DATA SECTION:
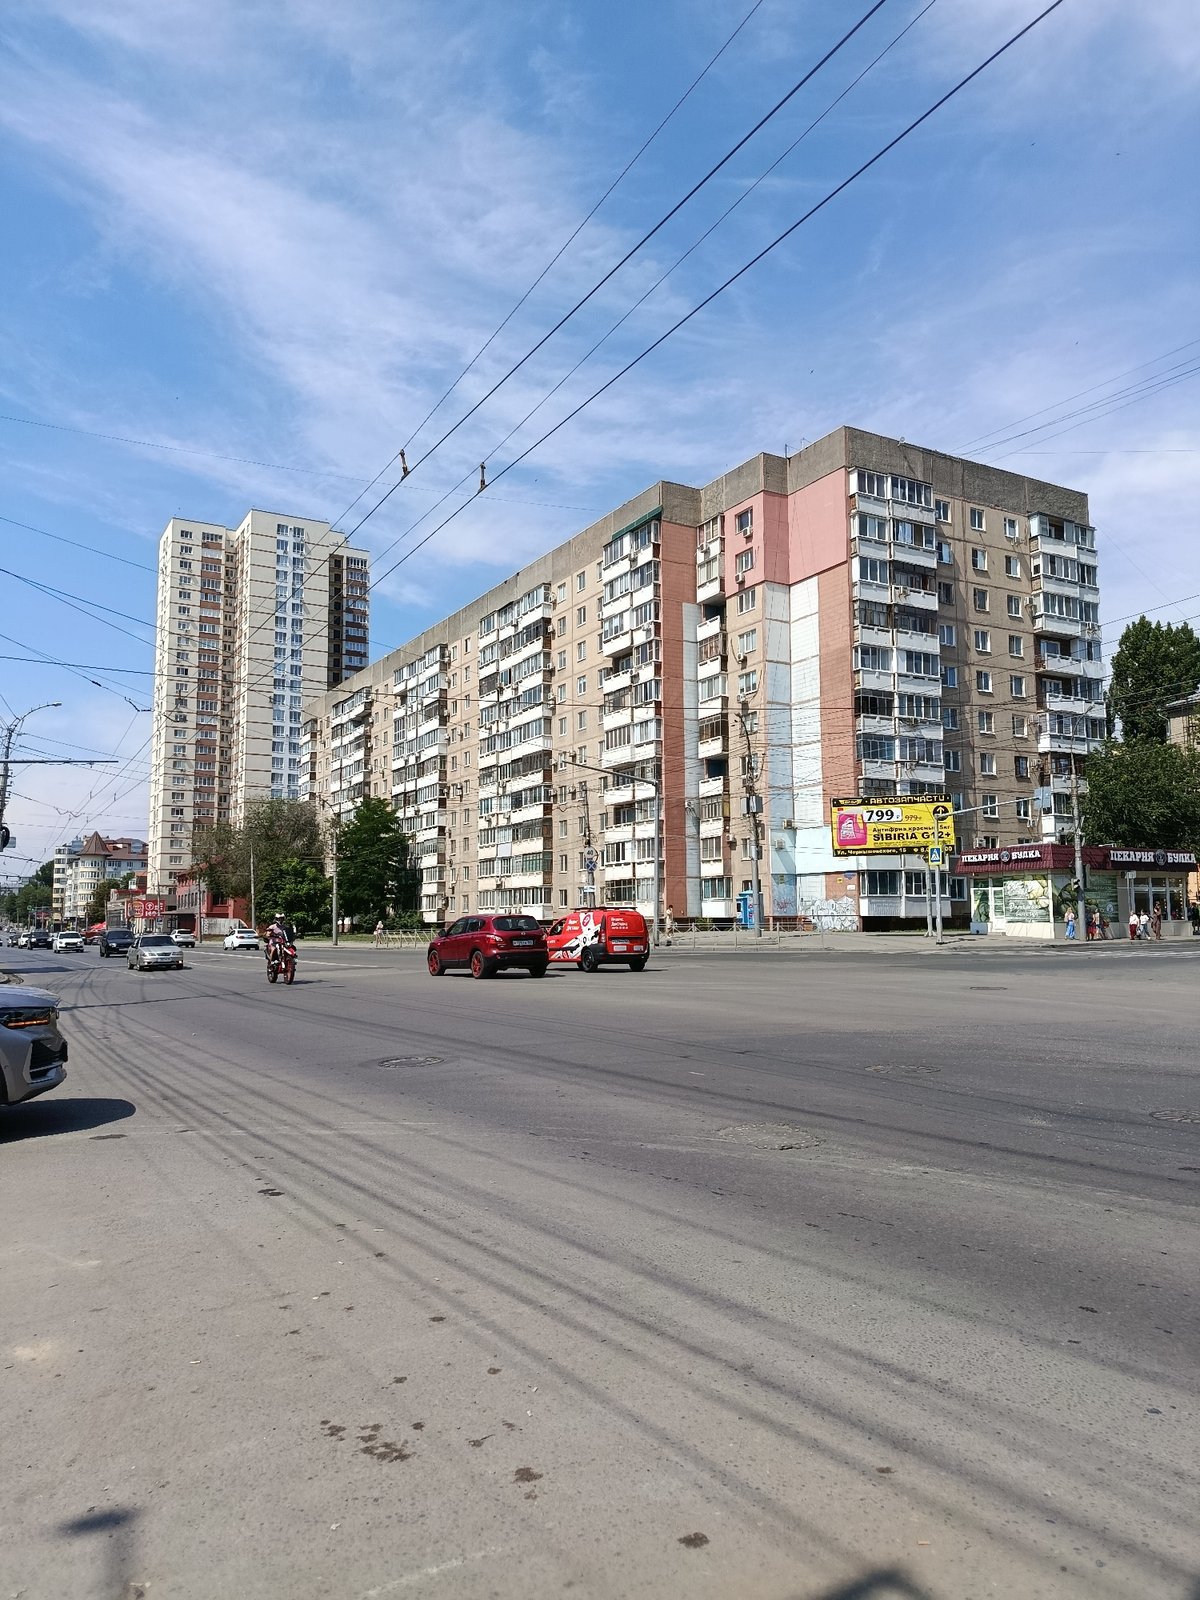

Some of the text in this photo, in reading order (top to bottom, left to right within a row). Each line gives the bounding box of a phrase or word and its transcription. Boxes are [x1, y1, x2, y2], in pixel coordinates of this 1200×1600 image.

[869, 795, 945, 805] АВТОЗАПЧАСТИ
[866, 809, 894, 821] 799
[873, 833, 918, 841] SIBIRIA
[962, 853, 999, 862] ПЕКАРНЯ
[1110, 850, 1196, 863] ПЕКАРНЯ БУЛКА
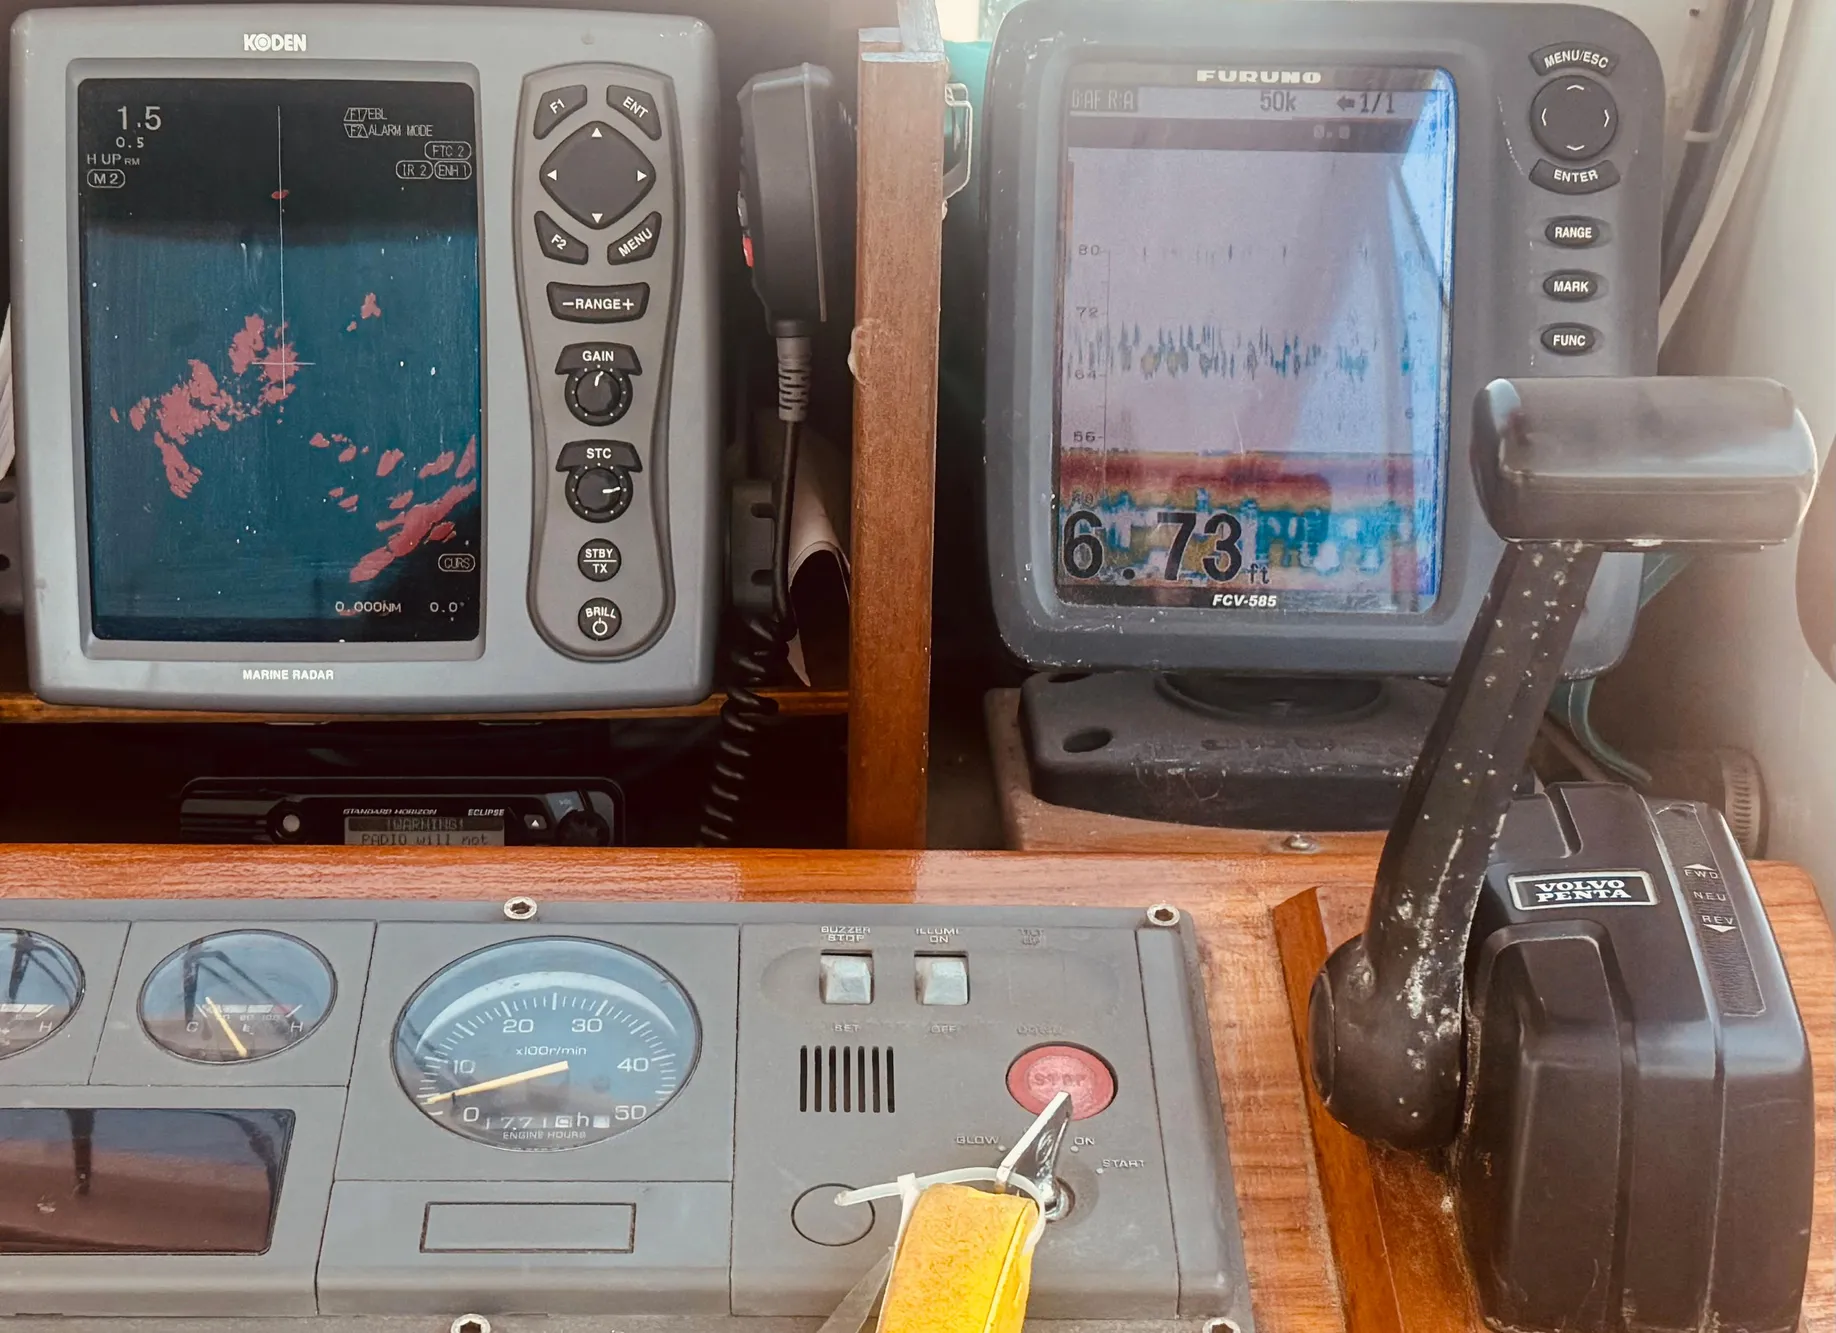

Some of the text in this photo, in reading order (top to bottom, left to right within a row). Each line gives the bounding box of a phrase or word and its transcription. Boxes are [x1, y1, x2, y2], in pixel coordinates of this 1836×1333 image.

[243, 33, 308, 53] KODEN
[1543, 49, 1609, 69] MENU/ESC
[1196, 70, 1322, 84] FURUNO
[549, 98, 566, 115] F1
[622, 95, 649, 119] ENT
[1259, 90, 1297, 112] 50k
[1360, 91, 1395, 114] 1/1
[117, 105, 162, 131] 1.5
[368, 123, 402, 137] ALARM
[406, 124, 434, 137] MODE
[115, 136, 145, 148] 0.5
[1553, 168, 1599, 183] ENTER
[1554, 226, 1592, 239] RANGE
[550, 234, 567, 250] F2
[617, 227, 653, 257] MENU
[1553, 281, 1590, 293] MARK
[1552, 335, 1586, 347] FUNC
[582, 350, 614, 362] GAIN
[586, 448, 612, 459] STC
[1062, 509, 1271, 585] 6.73 ft
[585, 548, 614, 560] STBY
[444, 558, 471, 569] CURS
[592, 563, 608, 573] TX
[1212, 593, 1278, 607] FCV-585
[585, 607, 617, 619] BRILL
[243, 669, 334, 680] MARINE RADAR
[467, 808, 505, 816] ECLIPSE
[1684, 869, 1719, 880] FWD
[1534, 879, 1626, 893] VOLVO
[1535, 888, 1632, 903] PENTA
[1693, 890, 1727, 902] NEU
[1701, 914, 1735, 926] REV
[820, 925, 872, 935] BUZZER
[827, 934, 865, 942] STOP
[929, 935, 949, 944] ON
[39, 1021, 53, 1032] H
[186, 1021, 199, 1033] C
[290, 1021, 304, 1033] H
[502, 1018, 535, 1033] 20
[571, 1018, 603, 1033] 30
[452, 1059, 476, 1075] 10
[616, 1057, 649, 1072] 40
[462, 1107, 480, 1123] 0
[614, 1105, 647, 1121] 50
[503, 1131, 544, 1140] ENGINE
[955, 1135, 1000, 1145] GLOW
[1073, 1136, 1095, 1146] ON
[1102, 1159, 1145, 1169] START
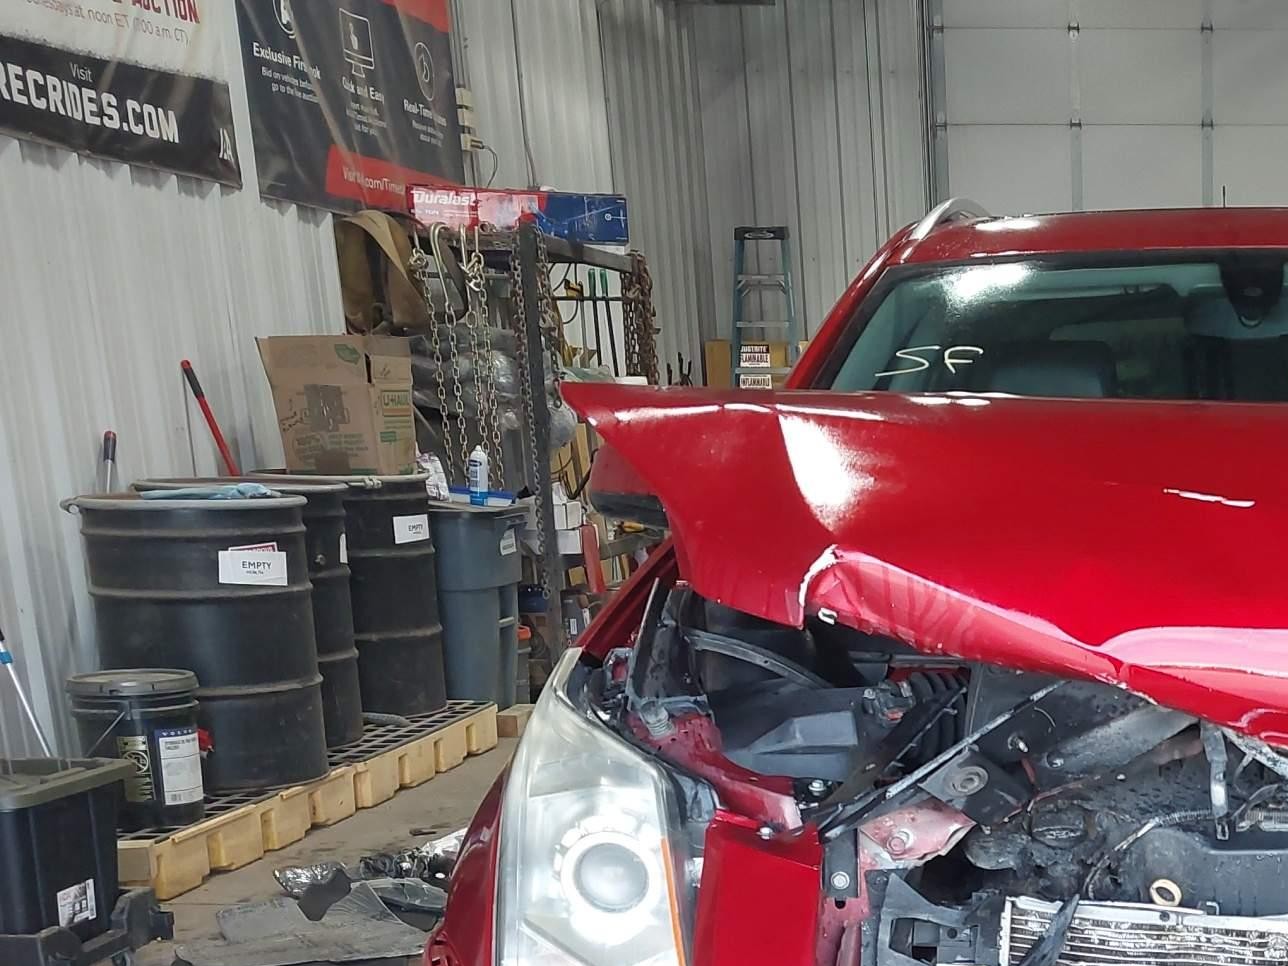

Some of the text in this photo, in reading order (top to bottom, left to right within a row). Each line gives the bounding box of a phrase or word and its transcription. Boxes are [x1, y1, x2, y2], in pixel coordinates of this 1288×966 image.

[87, 9, 113, 25] noon
[114, 12, 129, 29] ET
[130, 0, 200, 24] CTION
[253, 42, 292, 67] Exclusive
[69, 62, 93, 83] Visit
[411, 190, 478, 206] Duralast
[875, 345, 985, 376] SF
[241, 560, 272, 571] EMPTY
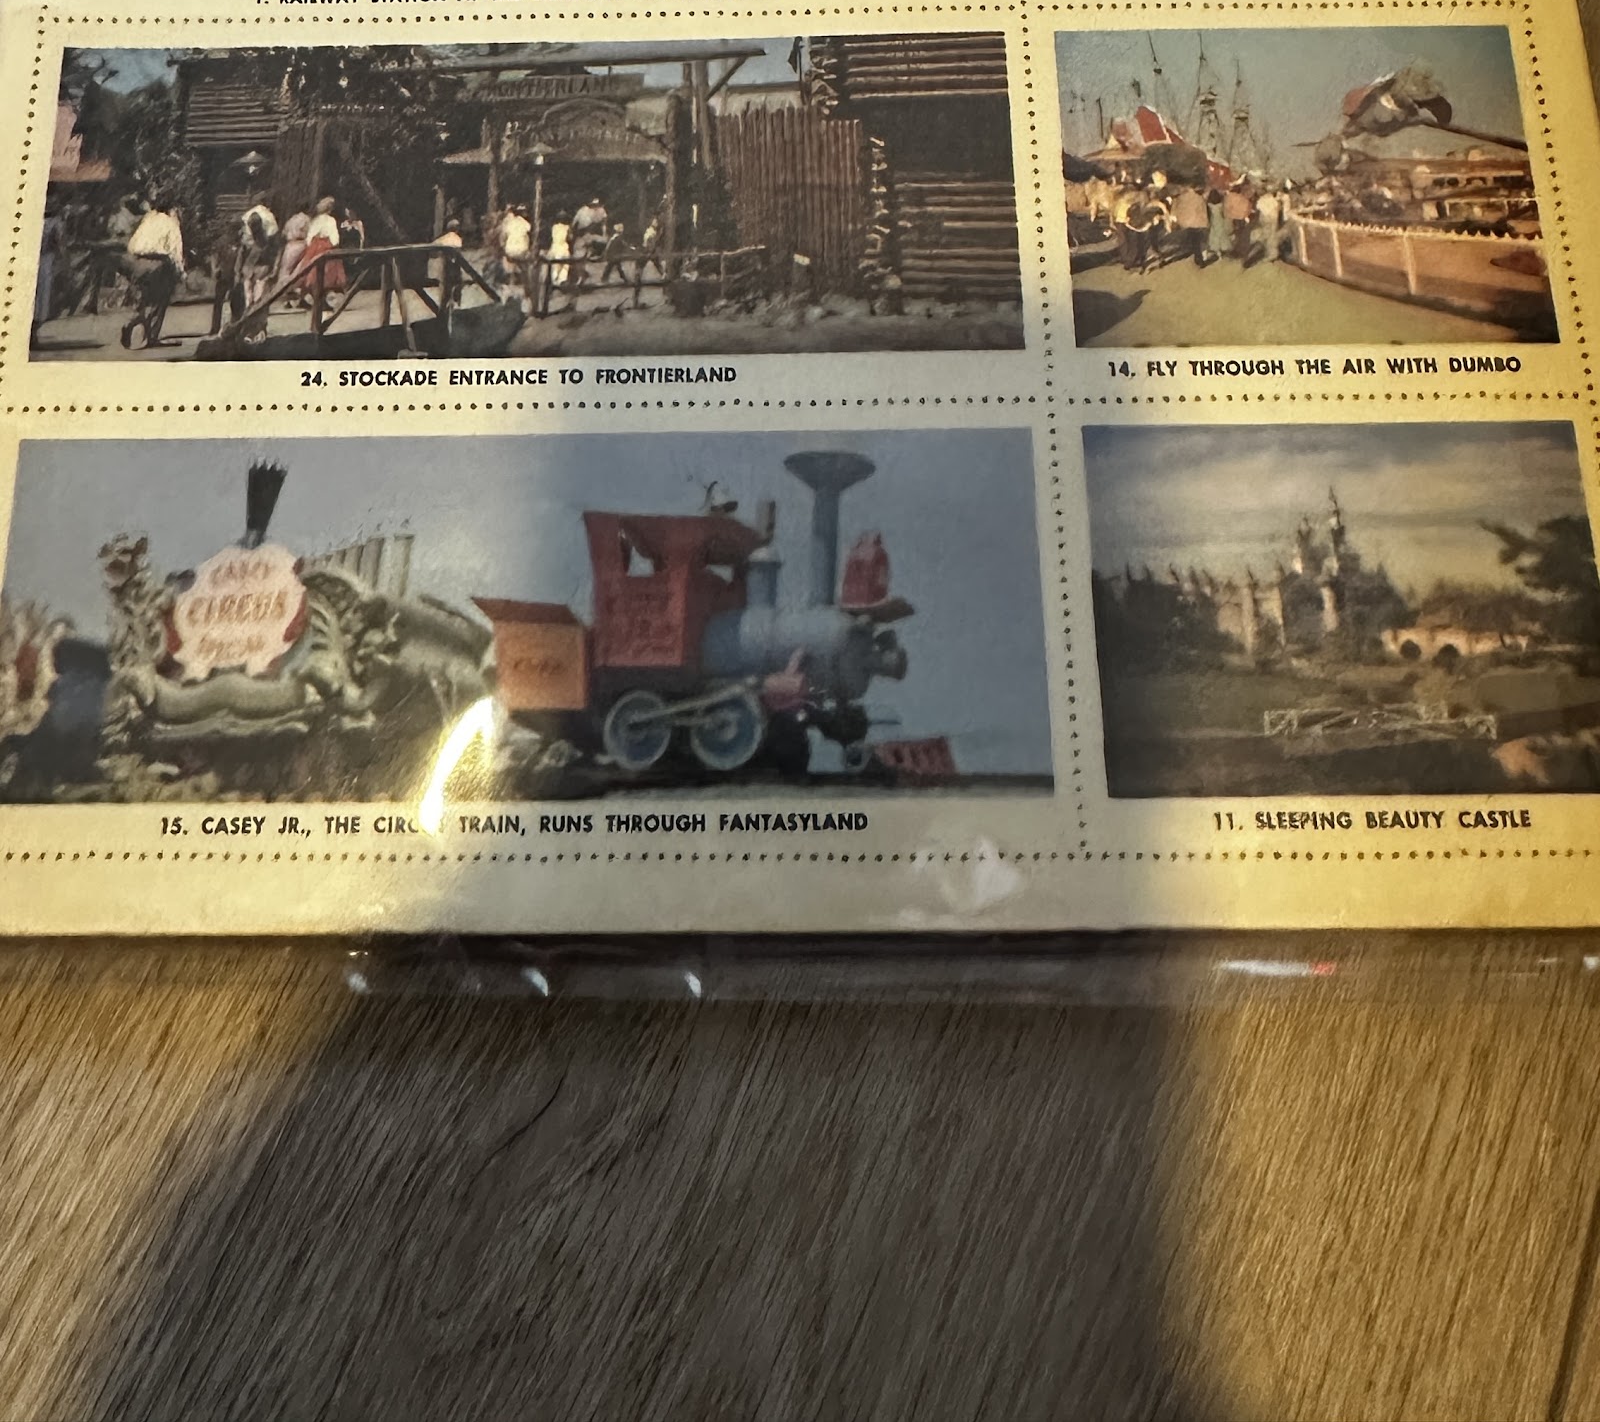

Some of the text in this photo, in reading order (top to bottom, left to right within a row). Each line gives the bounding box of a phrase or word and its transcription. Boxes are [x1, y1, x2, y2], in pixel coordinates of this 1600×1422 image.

[301, 367, 737, 387] 24. STOCKADE ENTRANCE TO FRONTIERLAND
[1108, 356, 1521, 377] 14. FLY THROUGH THE AIR WITH DUMBO
[161, 812, 868, 837] 15. CASEY JR., THE CIRC TRAIN, RUNS THROUGH FANTASYLAND
[1214, 809, 1532, 830] 11. SLEEPING BEAUTY CASTLE

TASK INSTRUCTIONS:
All that is needed is the data above, repeated exactly, without the pictures.

RESPONSE FOR THIS EXERCISE:
Some of the text in this photo, in reading order (top to bottom, left to right within a row). Each line gives the bounding box of a phrase or word and its transcription. Boxes are [x1, y1, x2, y2], in pixel coordinates of this 1200×1600 image.

[869, 795, 945, 805] АВТОЗАПЧАСТИ
[866, 809, 894, 821] 799
[873, 833, 918, 841] SIBIRIA
[962, 853, 999, 862] ПЕКАРНЯ
[1110, 850, 1196, 863] ПЕКАРНЯ БУЛКА

Some of the text in this photo, in reading order (top to bottom, left to right within a row). Each line gives the bounding box of a phrase or word and its transcription. Boxes are [x1, y1, x2, y2], in pixel coordinates of this 1836×1333 image.

[243, 33, 308, 53] KODEN
[1543, 49, 1609, 69] MENU/ESC
[1196, 70, 1322, 84] FURUNO
[549, 98, 566, 115] F1
[622, 95, 649, 119] ENT
[1259, 90, 1297, 112] 50k
[1360, 91, 1395, 114] 1/1
[117, 105, 162, 131] 1.5
[368, 123, 402, 137] ALARM
[406, 124, 434, 137] MODE
[115, 136, 145, 148] 0.5
[1553, 168, 1599, 183] ENTER
[1554, 226, 1592, 239] RANGE
[550, 234, 567, 250] F2
[617, 227, 653, 257] MENU
[1553, 281, 1590, 293] MARK
[1552, 335, 1586, 347] FUNC
[582, 350, 614, 362] GAIN
[586, 448, 612, 459] STC
[1062, 509, 1271, 585] 6.73 ft
[585, 548, 614, 560] STBY
[444, 558, 471, 569] CURS
[592, 563, 608, 573] TX
[1212, 593, 1278, 607] FCV-585
[585, 607, 617, 619] BRILL
[243, 669, 334, 680] MARINE RADAR
[467, 808, 505, 816] ECLIPSE
[1684, 869, 1719, 880] FWD
[1534, 879, 1626, 893] VOLVO
[1535, 888, 1632, 903] PENTA
[1693, 890, 1727, 902] NEU
[1701, 914, 1735, 926] REV
[820, 925, 872, 935] BUZZER
[827, 934, 865, 942] STOP
[929, 935, 949, 944] ON
[39, 1021, 53, 1032] H
[186, 1021, 199, 1033] C
[290, 1021, 304, 1033] H
[502, 1018, 535, 1033] 20
[571, 1018, 603, 1033] 30
[452, 1059, 476, 1075] 10
[616, 1057, 649, 1072] 40
[462, 1107, 480, 1123] 0
[614, 1105, 647, 1121] 50
[503, 1131, 544, 1140] ENGINE
[955, 1135, 1000, 1145] GLOW
[1073, 1136, 1095, 1146] ON
[1102, 1159, 1145, 1169] START

Some of the text in this photo, in reading order (top to bottom, left to right within a row). Each line gives the bounding box of a phrase or word and its transcription. Boxes are [x1, y1, x2, y2], in pixel coordinates of this 1288×966 image.

[87, 9, 113, 25] noon
[114, 12, 129, 29] ET
[130, 0, 200, 24] CTION
[253, 42, 292, 67] Exclusive
[69, 62, 93, 83] Visit
[411, 190, 478, 206] Duralast
[875, 345, 985, 376] SF
[241, 560, 272, 571] EMPTY

Some of the text in this photo, in reading order (top to bottom, left to right within a row). Each line gives the bounding box of a phrase or word and its transcription. Boxes are [x1, y1, x2, y2], in pixel coordinates of this 1600×1422 image.

[301, 367, 737, 387] 24. STOCKADE ENTRANCE TO FRONTIERLAND
[1108, 356, 1521, 377] 14. FLY THROUGH THE AIR WITH DUMBO
[161, 812, 868, 837] 15. CASEY JR., THE CIRC TRAIN, RUNS THROUGH FANTASYLAND
[1214, 809, 1532, 830] 11. SLEEPING BEAUTY CASTLE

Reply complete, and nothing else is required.